L’abito-letto, a metà tra un’installazione per il corpo e una scultura da abitare, sembra suggellare il ritiro di Cinzia Ruggeri dalle passerelle con la promessa di prolungare il sogno nato con la sua moda nel campo del design. L’abito-letto riappare con qualche variante nella collezione A/I 2005–06 firmata da Victor & Rolf, senza che venga citata, per quanto è dato sapere, l’autrice del progetto primigenio.36

La Gola e la tavola

In chiusura sembra significativo accennare all’interesse pressoché costante di Cinzia Ruggeri per il cibo e i suoi rituali, interesse che, per ragioni diverse, la mette in relazione con una rivista come La Gola. Nasce nell’ottobre del 1982 a Milano, in quel crogiolo di esperienze e linguaggi che era la Cooperativa Intrapresa, e per oltre vent’anni rappresenta un punto di riferimento per rileggere il sapere gastronomico e alimentare come espressione di una cultura materiale popolare. Il sottotitolo chiarisce infatti che si tratta di un Mensile del cibo e delle tecniche di vita materiale.

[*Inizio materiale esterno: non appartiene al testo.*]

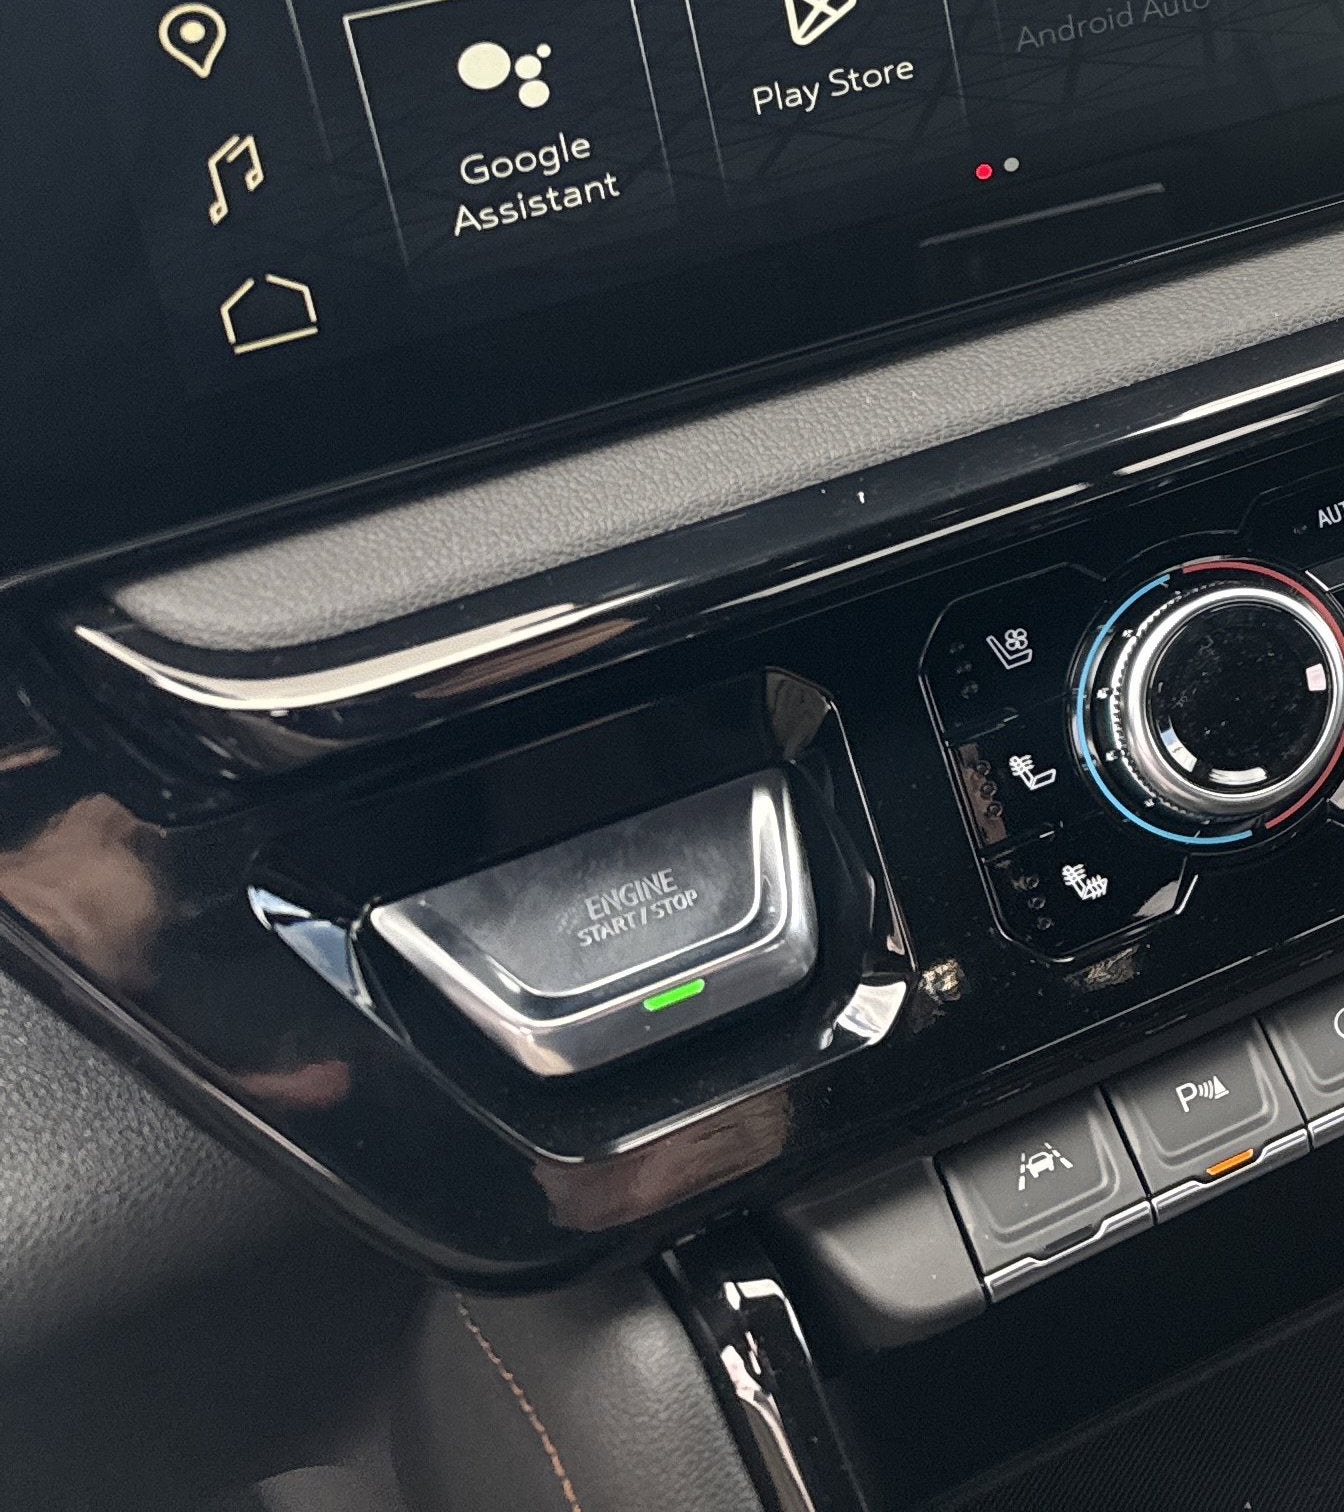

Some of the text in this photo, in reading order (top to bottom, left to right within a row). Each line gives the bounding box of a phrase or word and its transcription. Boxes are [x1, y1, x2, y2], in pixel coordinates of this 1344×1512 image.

[1016, 2, 1135, 52] Android
[753, 56, 916, 115] Play Store
[459, 130, 592, 185] Google
[453, 171, 621, 237] Assistant
[584, 868, 678, 921] ENGINE

Il periodico è progettato dal geniale grafico Gianni Sassi che rappresenta in questi anni una figura di riferimento della corrente italiana del movimento Fluxus. Sassi ha alle spalle un’esperienza importante sia nel campo editoriale (nel 1979 partecipa alla fondazione di Alfabeta) sia in quello musicale; inoltre, come organizzatore teatrale svolge attività di consulenza per numerose sale italiane.37

Il comitato di direzione del primo numero annovera intellettuali del calibro di Nanni Balestrini, Antonio Porta, Gianni Emilio Simonetti, tra gli altri. Il carattere interdisciplinare della rivista, che comprende teorie e ricette, progetti artistici e servizi sulla danza, favorisce il coinvolgimento di numerosi autori con competenze differenti che rendono La Gola un luogo di sperimentazione e di contaminazione dei linguaggi con un’apertura alle ricerche d’avanguardia.

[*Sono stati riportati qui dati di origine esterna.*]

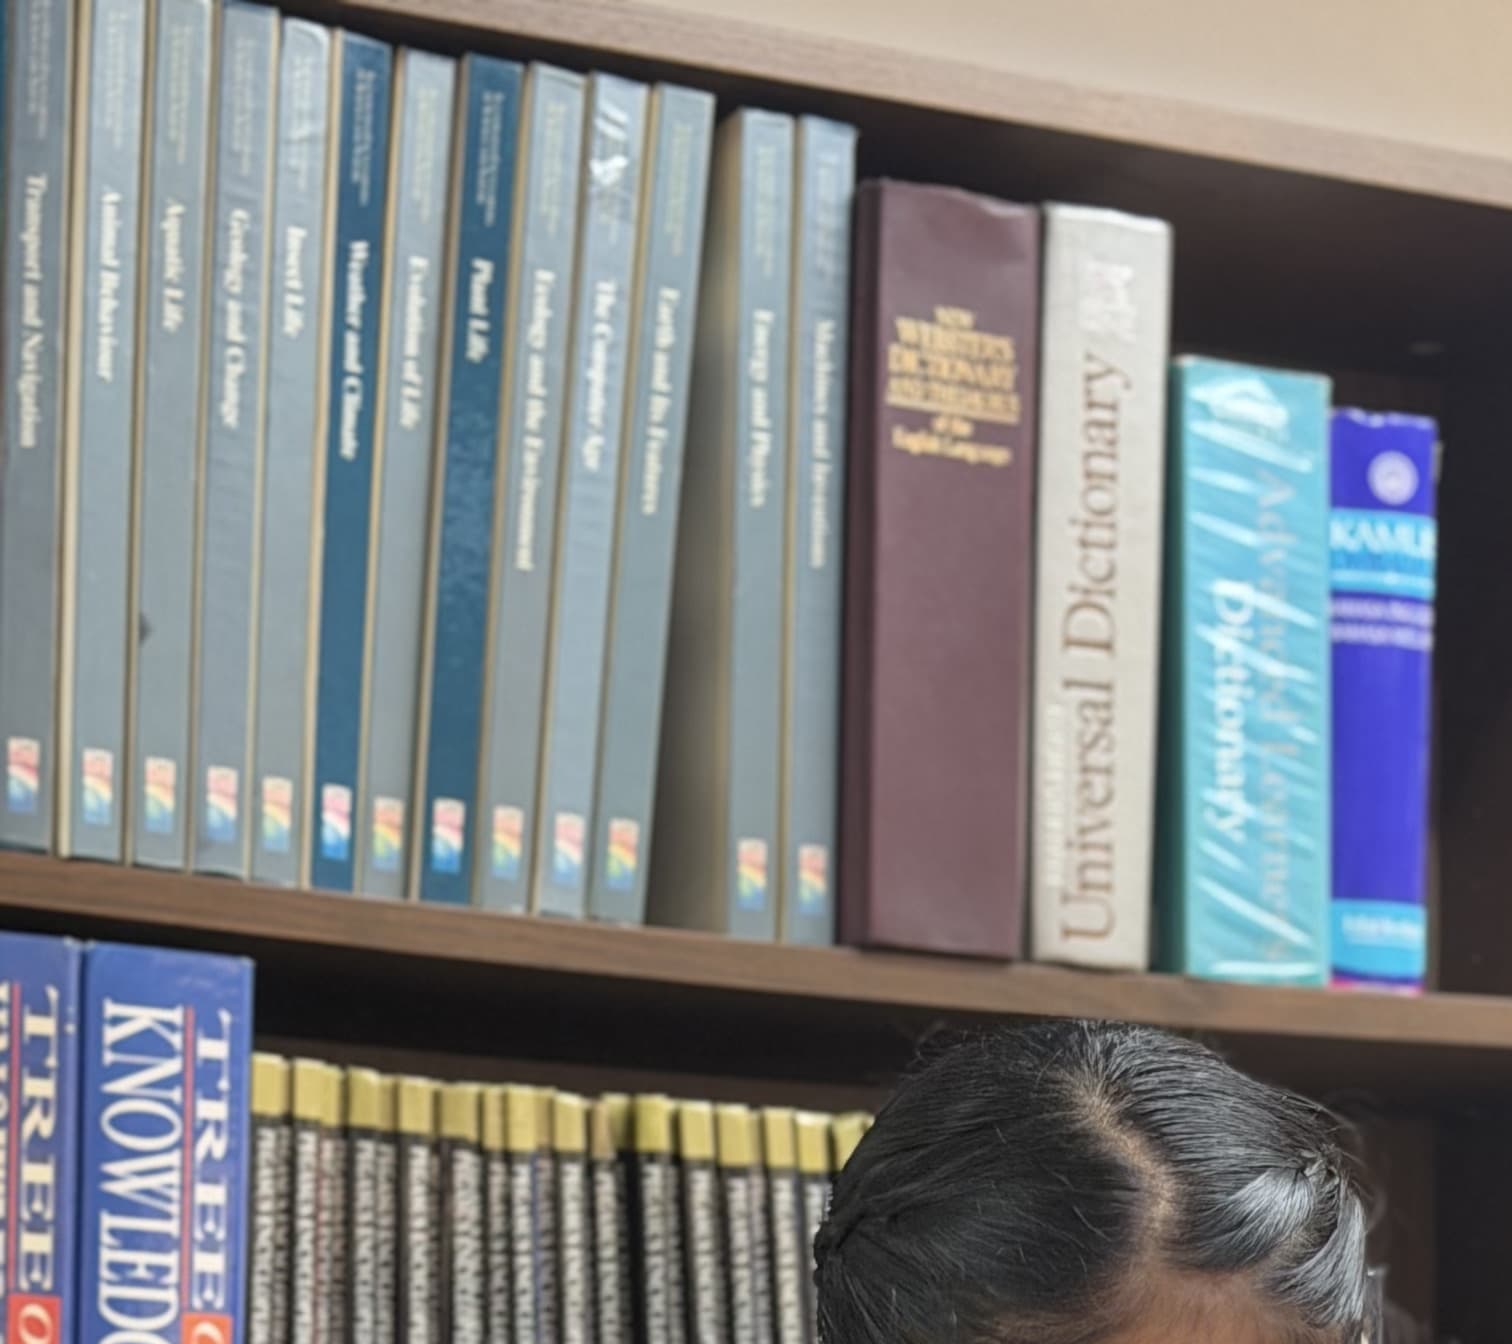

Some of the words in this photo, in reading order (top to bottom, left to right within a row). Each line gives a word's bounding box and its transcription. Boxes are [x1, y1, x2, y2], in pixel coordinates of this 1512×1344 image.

[20, 174, 49, 281] Transport
[100, 193, 122, 267] Animal
[160, 202, 186, 283] Aquatic
[223, 208, 250, 294] Geology
[285, 226, 308, 289] Insect
[22, 283, 43, 328] and
[162, 287, 185, 333] Life
[225, 300, 247, 342] and
[283, 294, 306, 338] Life
[345, 240, 370, 329] Weather
[403, 255, 430, 358] Evolution
[468, 257, 495, 316] Plant
[525, 268, 556, 349] Ecology
[594, 279, 617, 321] The
[654, 286, 681, 349] Earth
[343, 331, 364, 373] and
[401, 361, 424, 384] of
[465, 317, 491, 362] Life
[525, 352, 549, 397] and
[582, 322, 614, 428] Computer
[651, 350, 676, 392] and
[749, 308, 775, 383] Energy
[812, 318, 836, 414] Machines
[17, 331, 45, 448] Navigation
[220, 346, 247, 429] Change
[339, 375, 363, 461] Climate
[399, 384, 423, 429] Life
[524, 398, 549, 432] the
[752, 387, 773, 430] and
[582, 431, 606, 472] Age
[640, 426, 670, 516] Features
[749, 431, 772, 508] Physics
[812, 418, 834, 460] and
[515, 435, 545, 571] Environment
[1060, 352, 1132, 653] Dictionary
[1203, 580, 1257, 845] Dictionary
[1060, 677, 1117, 943] Universal
[19, 984, 60, 1293] TREE
[190, 1008, 232, 1312] TREE
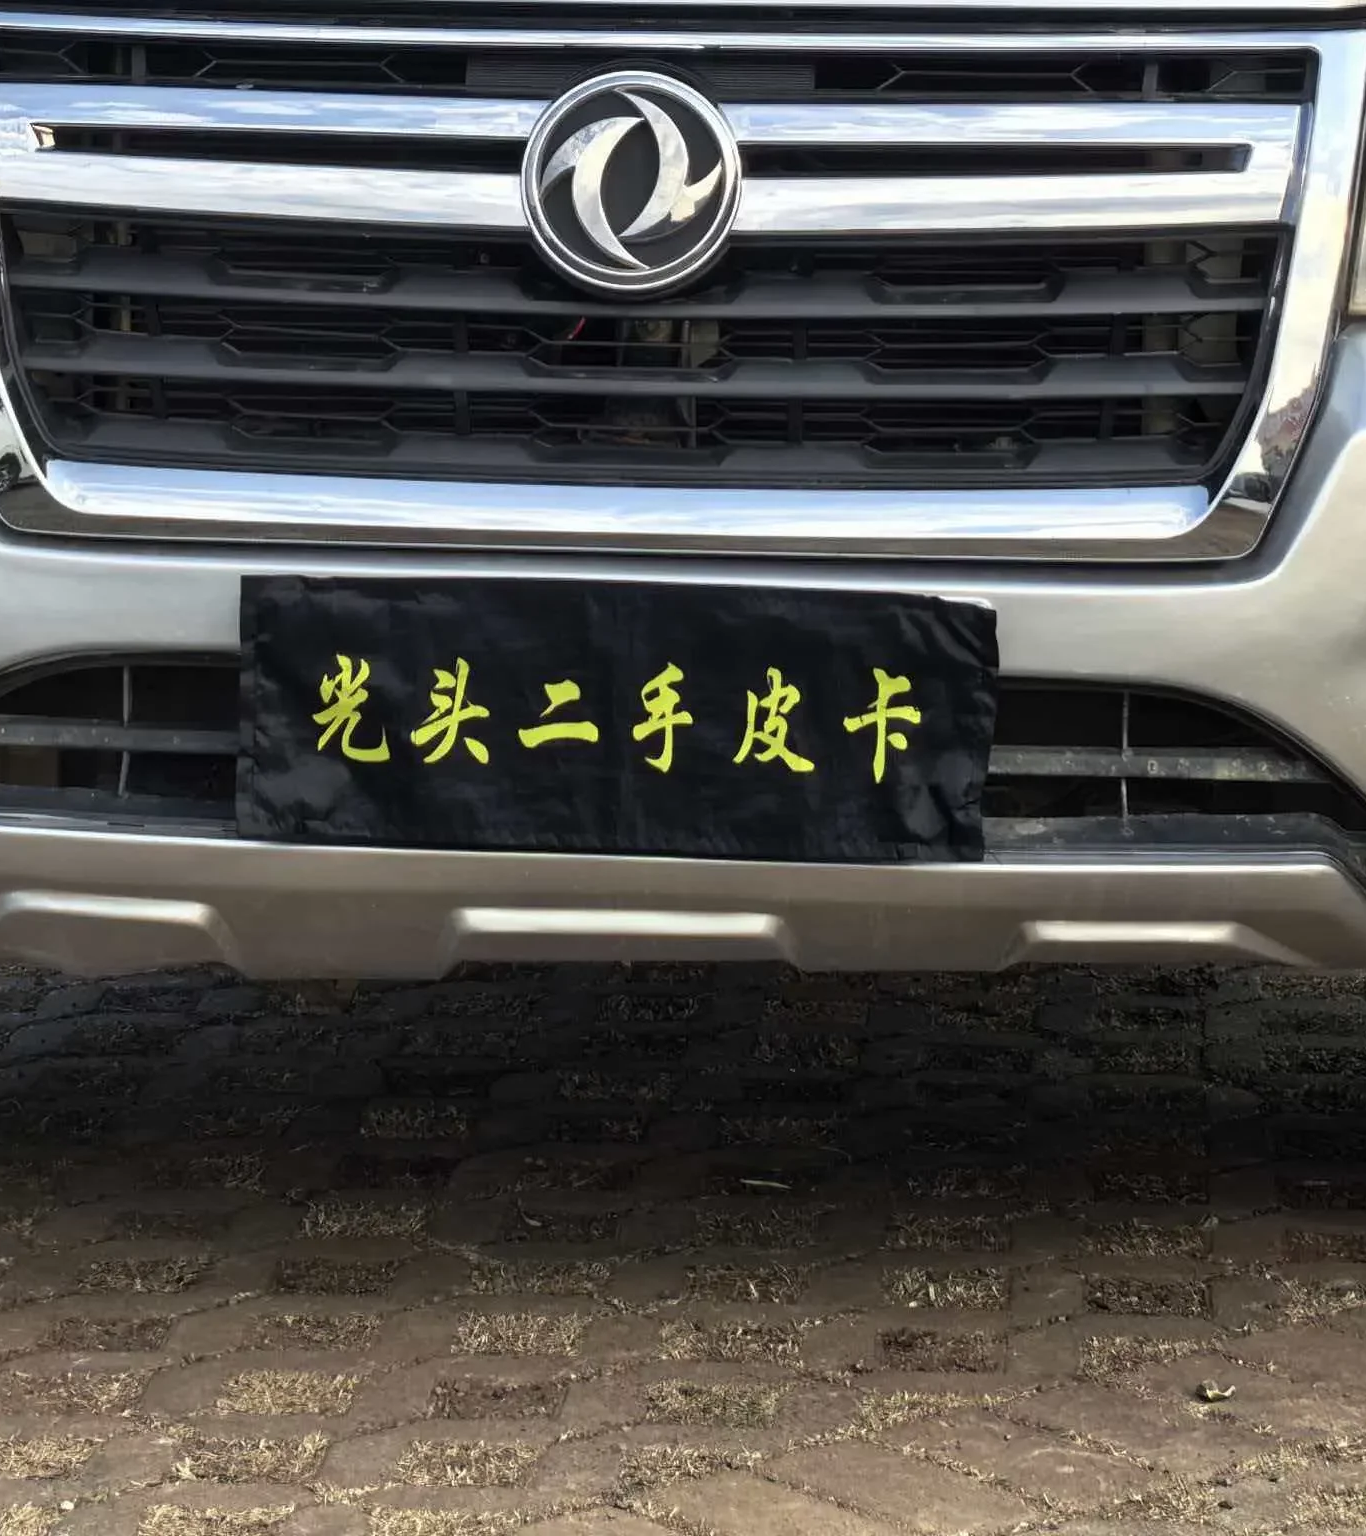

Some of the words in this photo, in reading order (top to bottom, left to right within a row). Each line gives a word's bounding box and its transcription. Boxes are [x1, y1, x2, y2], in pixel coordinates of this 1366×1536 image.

[310, 652, 923, 785] 光头二手皮卡

In questo contesto anche la moda trova un suo spazio e viene analizzata con sistematicità in quanto espressione della cultura materiale della società e per lo stretto legame che intrattiene con il corpo. Le pagine della rivista ospitano contributi di taglio storico, ma anche cronache dedicate alle sfilate del prêt-à-porter, inclusi i banchetti commissionati dai diversi stilisti.38 Inoltre, sono affrontate questioni stringenti all’epoca e ancora di grande attualità: la necessità di dotare l’Italia di un museo della moda.39 Firma ricorrente degli articoli è Marinella Guatterini, critico di danza e balletto. Il contatto tra Cinzia Ruggeri e la redazione de La Gola sembra derivare proprio dal teatro, dalla sua collaborazione come costumista agli spettacoli di Valeria Magli, senza contare l’attività promozionale del cartellone milanese svolta dalla Cooperativa Intrapresa.

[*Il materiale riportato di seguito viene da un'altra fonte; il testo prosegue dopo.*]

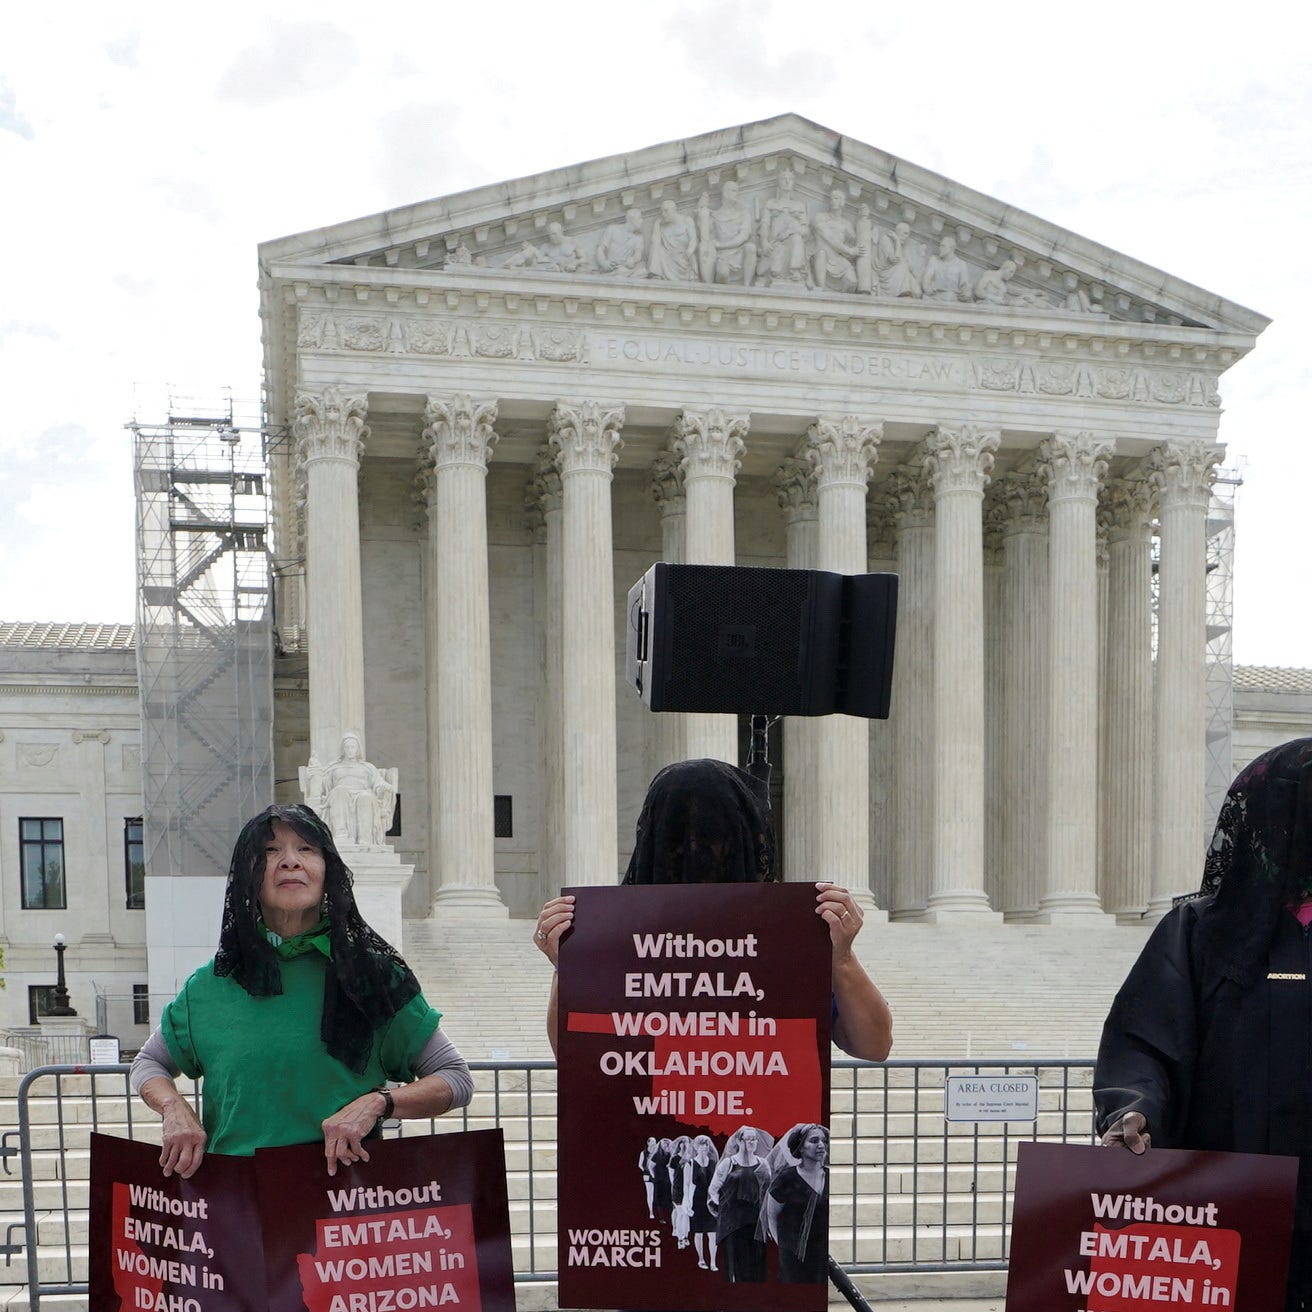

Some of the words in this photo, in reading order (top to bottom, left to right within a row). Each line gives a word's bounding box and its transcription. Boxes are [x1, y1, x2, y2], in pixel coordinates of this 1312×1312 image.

[607, 339, 694, 363] EQUAL
[702, 343, 800, 371] JUSTICE
[813, 352, 894, 377] UNDER
[907, 359, 953, 380] LAW
[633, 933, 757, 957] Without
[626, 972, 764, 1001] EMTALA,
[612, 1012, 739, 1036] WOMEN
[749, 1011, 776, 1035] in
[600, 1051, 788, 1075] OKLAHOMA
[633, 1090, 685, 1114] will
[695, 1091, 752, 1115] DIE.
[958, 1084, 986, 1093] AREA
[990, 1083, 1029, 1093] CLOSED
[129, 1183, 208, 1220] Without
[327, 1181, 441, 1212] Without
[1091, 1193, 1218, 1226] Without
[124, 1217, 215, 1259] EMTALA,
[324, 1215, 451, 1247] EMTALA,
[568, 1230, 660, 1246] WOMEN'S
[315, 1251, 432, 1282] WOMEN
[440, 1249, 464, 1270] in
[568, 1246, 660, 1267] MARCH
[1080, 1232, 1221, 1270] EMTALA,
[117, 1249, 196, 1286] WOMEN
[203, 1266, 223, 1290] in
[1064, 1269, 1194, 1302] WOMEN
[1202, 1279, 1229, 1305] in

La designer si era già confrontata con il tema del cibo in altre occasioni e in modi differenti. Per Casa Vogue aveva allestito tavole-opera “dolcemente crudeli, surreali e spaesanti”40 con fiori e schieramenti di oggetti vari; le uova, già ricamate sulle camicie di Bloom, si accompagnavano a salsicce e scatole di aringhe sui grembiuli per soli uomini di lino ecrù, progetto con cui Castellini aveva deciso di lanciare la sua linea di confezioni.41

Guatterini dedica un’intera pagina del formato tabloid de La Gola a Cinzia Ruggeri, già nel n. 3 (1982–83), dimostrando di conoscere bene i lavori della designer, poiché descrive dettagliatamente anche il progetto, all’epoca solo abbozzato, di un abito da pranzo dotato di un grande pannello-tovaglia, poi incluso nella collezione P/E 1984.42 Riconosce nella ricerca dell’“art-stilista” un approccio progettuale più orientato alla realizzazione di oggetti in grado di sollecitare reazioni e comportamenti nell’utente, piuttosto che ricercare soluzioni funzionali.43

Guatterini in più occasioni spende parole di ammirazione per il progetto vestimentario di Ruggeri, la quale pensa all’abito come specchio del corpo per un continuo scambio tra l’individuo e il mondo che lo circonda. Una moda sensoriale ed emotiva che rivendica come necessaria la dimensione fisica dell’esperienza.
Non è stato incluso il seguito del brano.